Little difference was found between the olfactory epithelium mRNA profiles of individual Brown Norway adult rats of the same age, sex and origin, allowing a reference transcriptome to be defined. However, the RNA profiles of newborn, adult and old rats showed marked differences: both the lists of genes specifically expressed at each age group and the levels of expression of genes expressed in all three age groups differed between the three groups, allowing a clear clustering of the samples as a function of age. Although 22-month old rats may not be considered very old, it should be noted that the life expectancy of male Brown Norway rats is only around 31 months . The gradual loss of olfactory responses in old age is probably at least in part due to the loss of central brain function [42, 43]. However, the small but measurable changes in the mRNA profiles of the olfactory epithelium observed in this study between adults and old rats may also contribute to this deterioration. The smaller number of OR genes expressed and their lower levels of expression at birth would be consistent with an incomplete development of olfactory function at this age.
The Venn diagrams, t-tests and RTqPCR analyses reported here all indicate that a small number of OR genes (n = 16) were more strongly expressed or expressed exclusively in newborn rats from different litters. This number is likely to be an underestimation considering that five of the 77 OR genes taken at random were overexpressed at birth. The types of ligand they recognize are not known, but given that two- to five-day-old rats are blind and deaf, these OR genes may be important for behavior, mother-pup relationship and/or nipple recognition. These findings are consistent with the recent observation that newborn rats react to odorant exposure .
Brown Norway rats were obtained from Charles River Laboratories (L'Arbresle, France) or Elevage Janvier (Le Genest-Saint-Isle, France). Female rats with their progeny (3 to 5 days old) were purchased from Charles River Laboratories. From their arrival until the time at which they were killed, the rats were kept in the animal house (12:12 h light/dark cycles with free access to food and water) under the rules established by the Board of the Ethical Committee.

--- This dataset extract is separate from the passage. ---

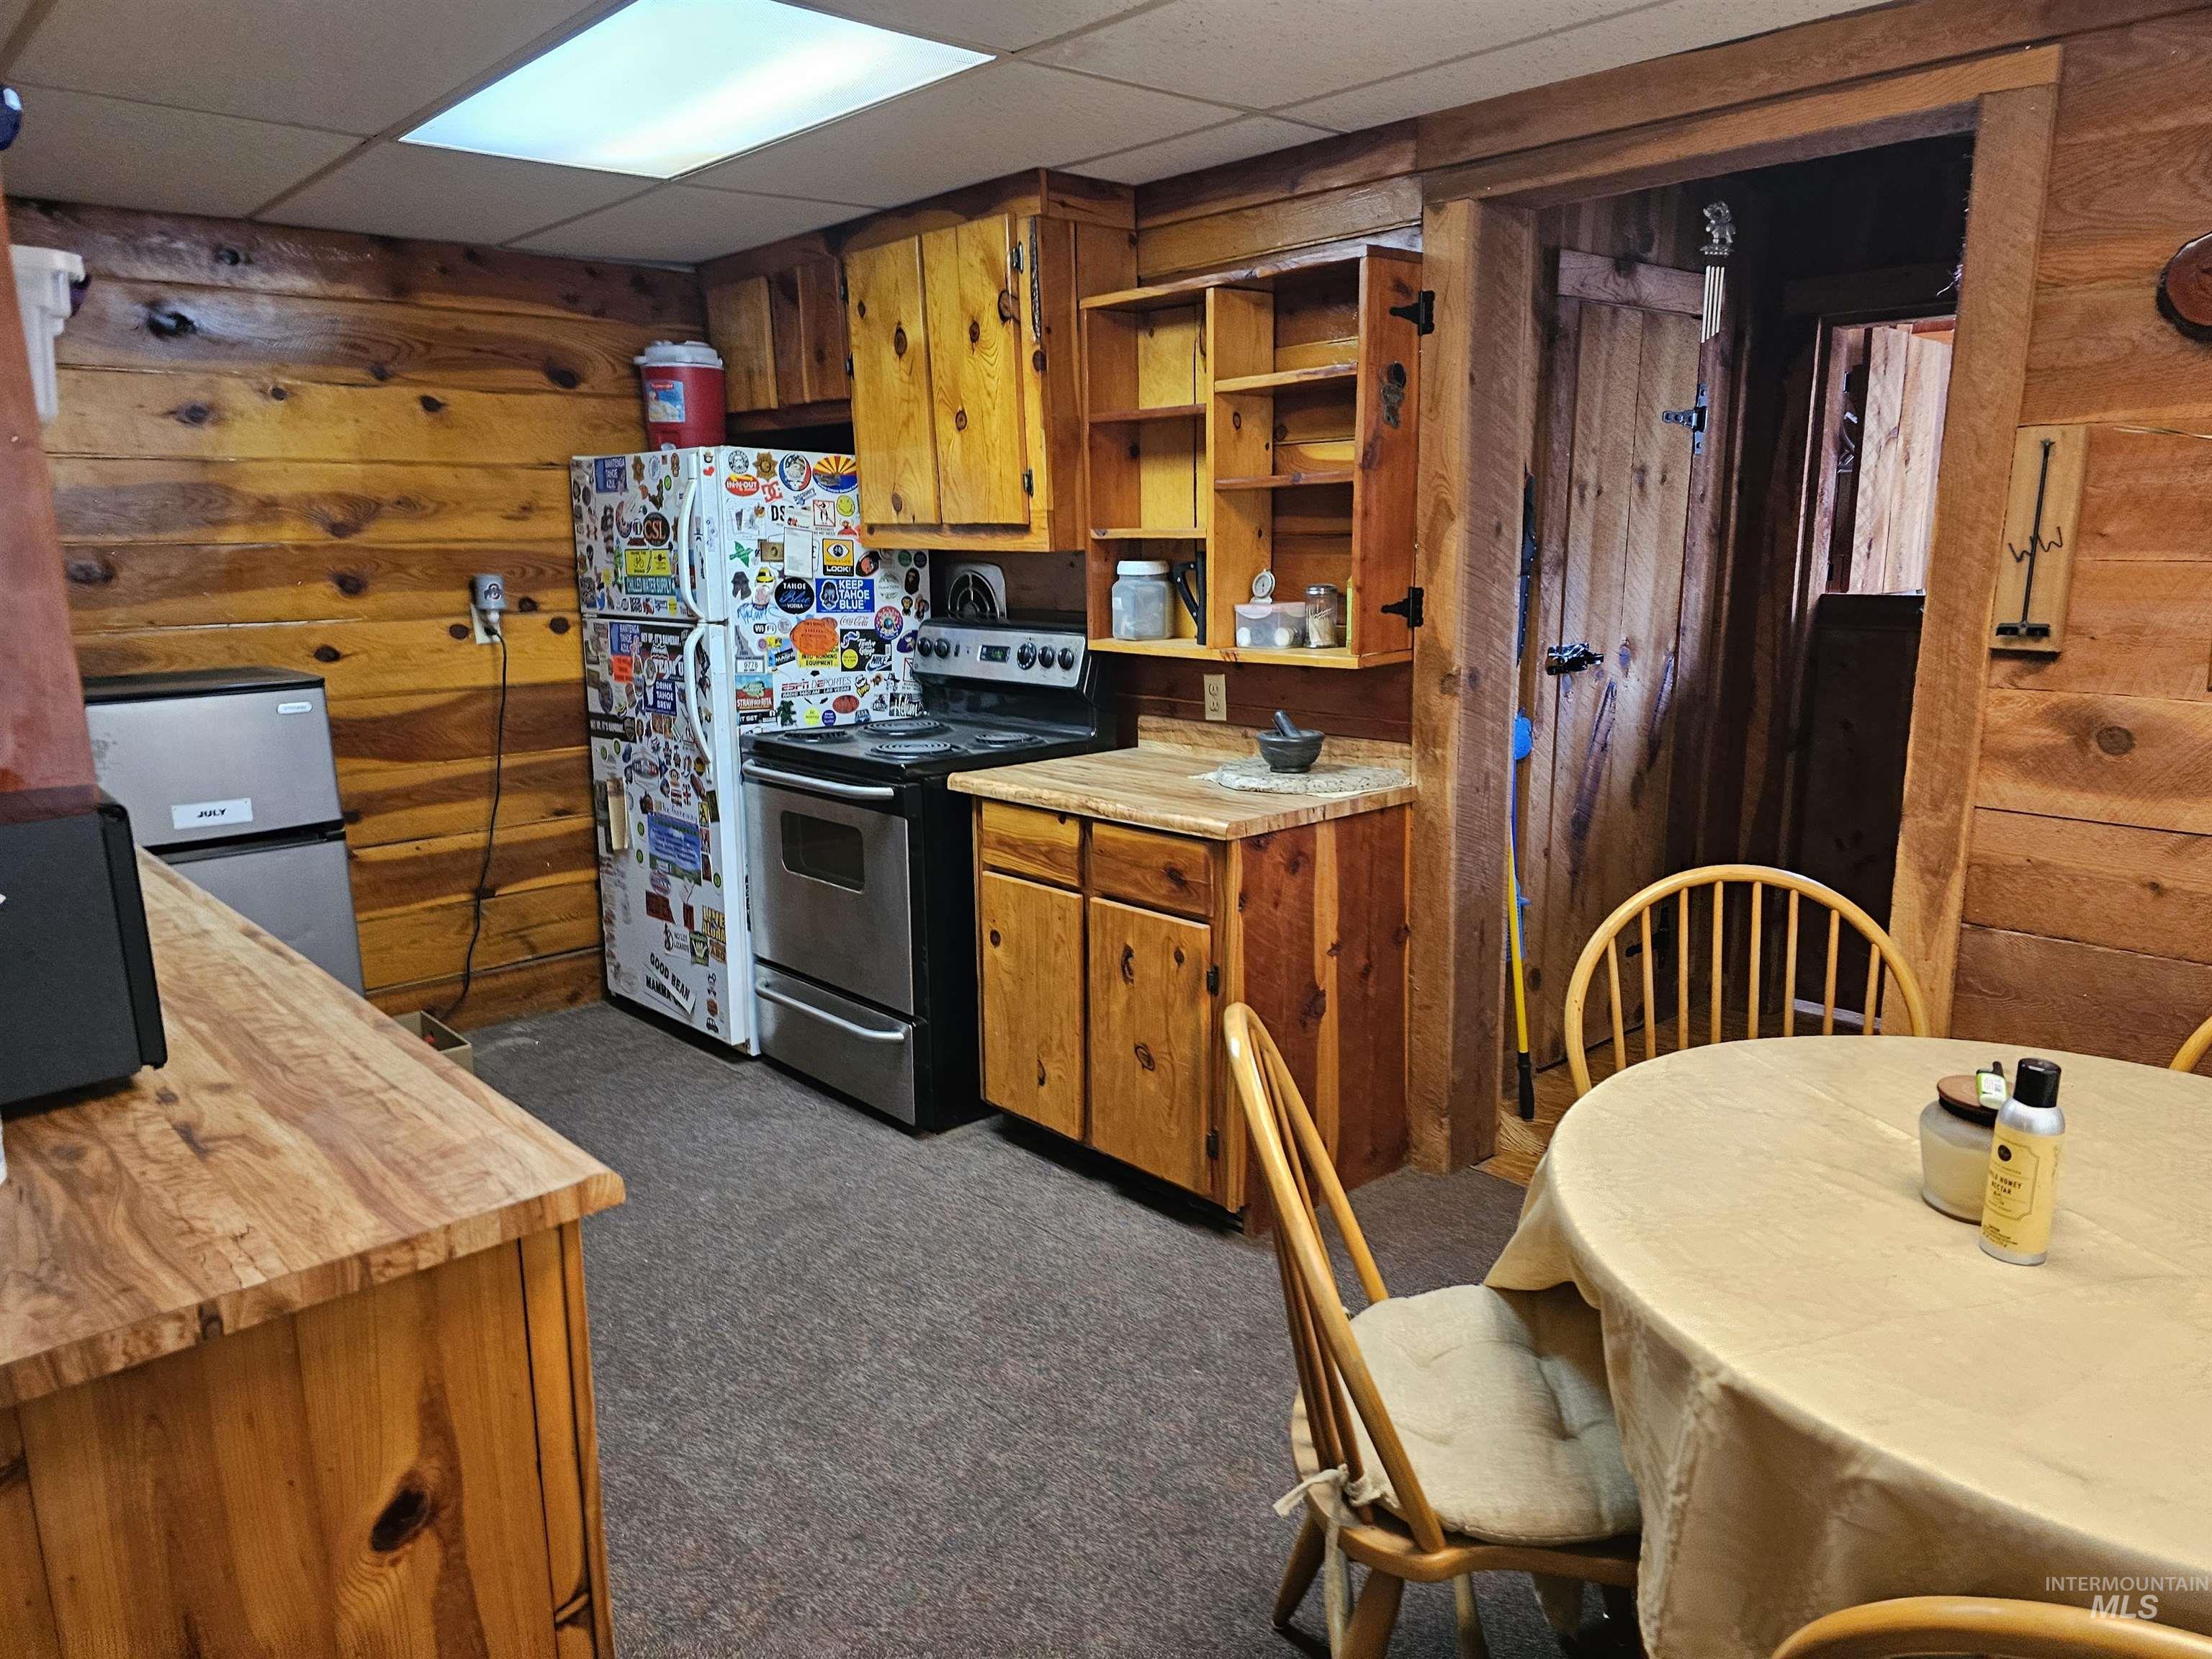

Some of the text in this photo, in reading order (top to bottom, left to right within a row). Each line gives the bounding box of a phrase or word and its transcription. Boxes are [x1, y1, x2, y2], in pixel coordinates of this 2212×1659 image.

Olfactory epithelium dissection
Rats were anesthetized with an injection of 0.3 ml/100 g body weight ketamine hydrochloride (Clorketam 1000 from Vetoquinol). They were then killed by decapitation. Rat skulls were opened through a sagittal section and right and left olfactory epithelia were quickly removed and placed separately in RA1 Buffer from the Nucleospin RNA II kit (Macherey-Nagel, Düren, Germany).

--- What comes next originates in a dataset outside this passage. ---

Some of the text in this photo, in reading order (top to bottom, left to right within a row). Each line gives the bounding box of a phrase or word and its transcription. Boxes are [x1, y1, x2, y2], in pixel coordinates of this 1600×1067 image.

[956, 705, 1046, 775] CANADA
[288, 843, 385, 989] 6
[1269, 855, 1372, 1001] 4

Total RNA was isolated with the Nucleospin RNA kit, according to the manufacturer's (Macherey-Nagel, Düren, Germany) instructions, which included an in-column DNase treatment before RNA elution, to ensure the absence of genomic DNA. Recovered RNA was quantified with a Nanodrop ND-1000 spectrophotometer (NanoDrop Technologies, Cambridge, UK), and RNA integrity was assessed with the RNA 6000 Nano LabChip kit, using the Agilent 2100 Bioanalyzer (Agilent Technologies, Palo Alto CA, USA). Only RNA samples with an RNA Integrity Number (RIN) greater than 8.8 were used for further analysis (RNA profiling analysis and real time reverse transcription PCR analysis). Application of this strict quality threshold resulted in the elimination of the left sample from one male adult rat from Elevage Janvier.
Target preparation and microarray hybridization
RNA samples were labeled with the Agilent Low RNA Input Fluorescent Linear Amplification kit (p/n 5184-3523), according to the manufacturer's instructions. Briefly, 350 ng of total RNA was used as template for reverse transcription to generate cDNA, which was transcribed with T7-polymerase; cyanine-3 (Cy3)-labeled CTP was used for labeling. Cy3 labeling was monitored with a Nanodrop ND-1000 spectrophotometer and was found to be between 1.2 and 1.9 pmol/μl.
Hybridization was performed with the Agilent Gene Expression Hybridization kit (p/n 5188-5242), used according to the manufacturer's instructions. Briefly, 1650 ng of labeled cRNA from each RNA sample was mixed with Hybridization Buffer and Blocking Agent and subjected to fragmentation (by incubation for 30 min at 60°C in the dark). Hybridizations onto 4 × 44K Whole Rat Genome 60-mer oligonucleotide microarrays (G4131F) (Agilent Technologies, Palo Alto CA, USA) were performed in a rotary oven (65°C, 17 h and 10 rpm) in the dark. Slides were disassembled and washed in Gene Expression Wash Buffers I and II, according to the manufacturer's instructions, and dried with a nitrogen-filled air gun before scanning. Fifteen arrays were used for the experiment analyzing the male/female and rat origin comparisons. Thirty-five arrays were used for the "aging" comparison.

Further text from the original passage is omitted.